YOUR OBJECTIVE
Write the listing below out again in full, dropping its pictures.
..............................
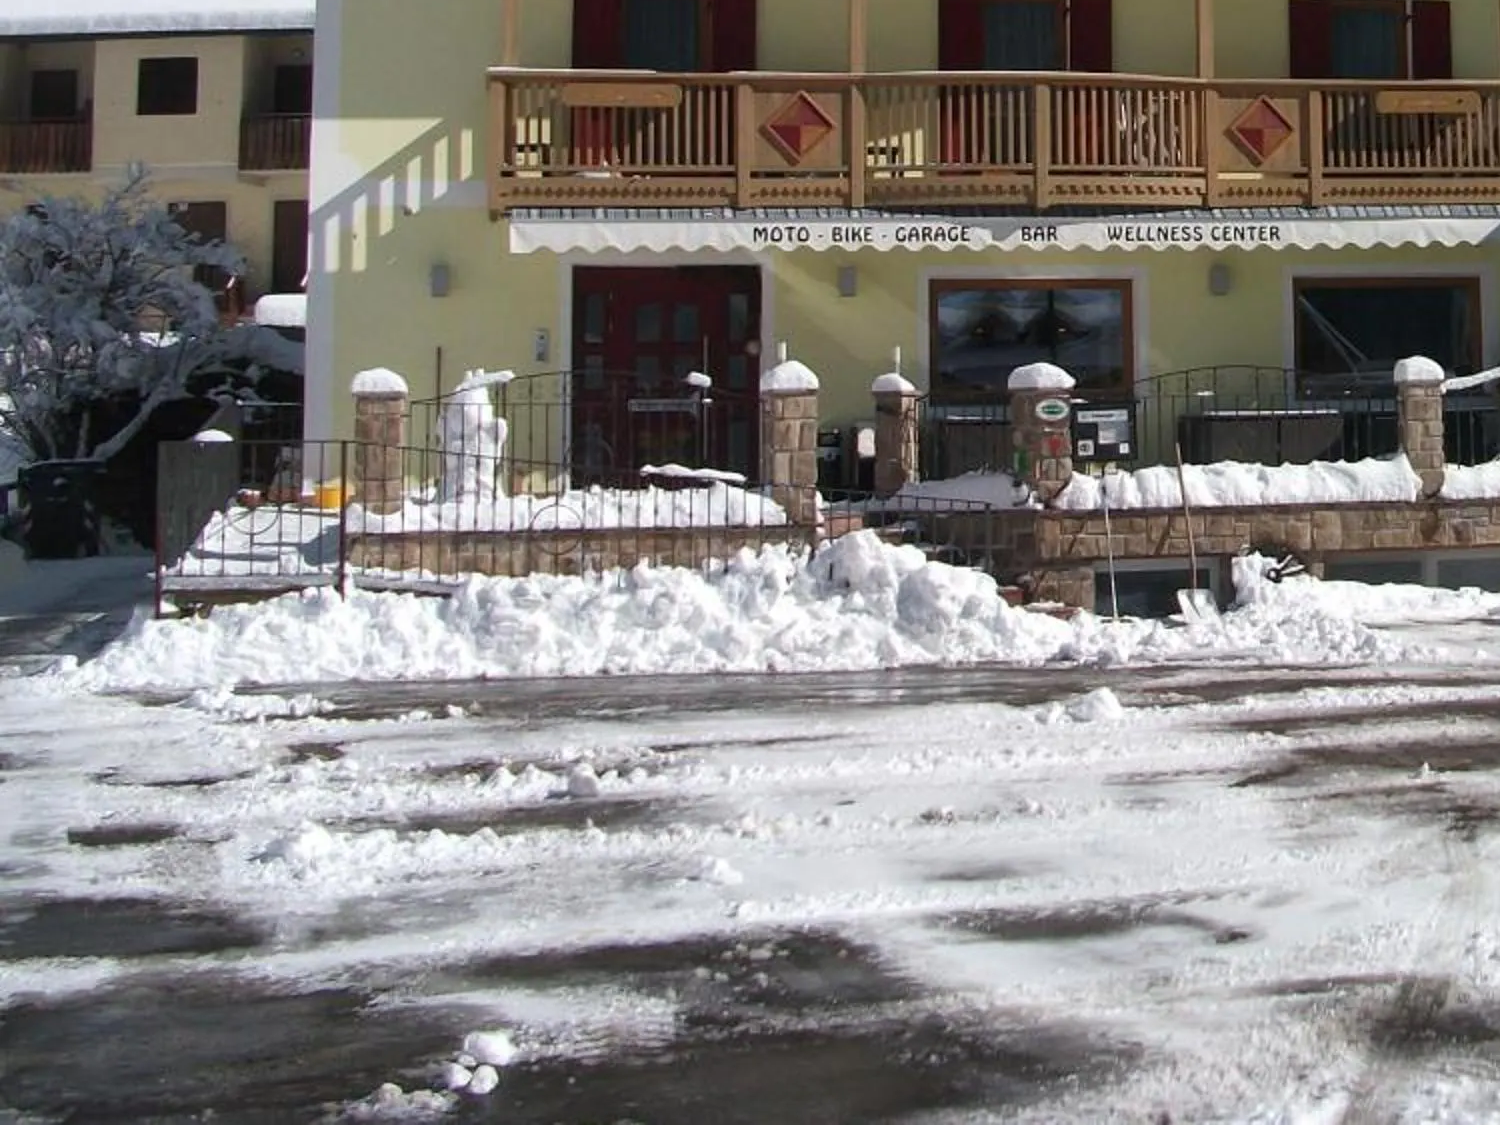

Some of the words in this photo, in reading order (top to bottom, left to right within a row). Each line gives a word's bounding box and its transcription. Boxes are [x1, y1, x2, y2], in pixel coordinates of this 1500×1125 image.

[753, 226, 811, 243] MOTO
[831, 226, 874, 243] BIKE
[895, 226, 972, 242] GARAGE
[1021, 226, 1058, 242] BAR
[1107, 226, 1203, 242] WELLNESS
[1210, 226, 1281, 242] CENTER
..............................
PROBLEM SOLUTION
Some of the words in this photo, in reading order (top to bottom, left to right within a row). Each line gives a word's bounding box and its transcription. Boxes are [x1, y1, x2, y2], in pixel coordinates of this 1500×1125 image.

[753, 226, 811, 243] MOTO
[831, 226, 874, 243] BIKE
[895, 226, 972, 242] GARAGE
[1021, 226, 1058, 242] BAR
[1107, 226, 1203, 242] WELLNESS
[1210, 226, 1281, 242] CENTER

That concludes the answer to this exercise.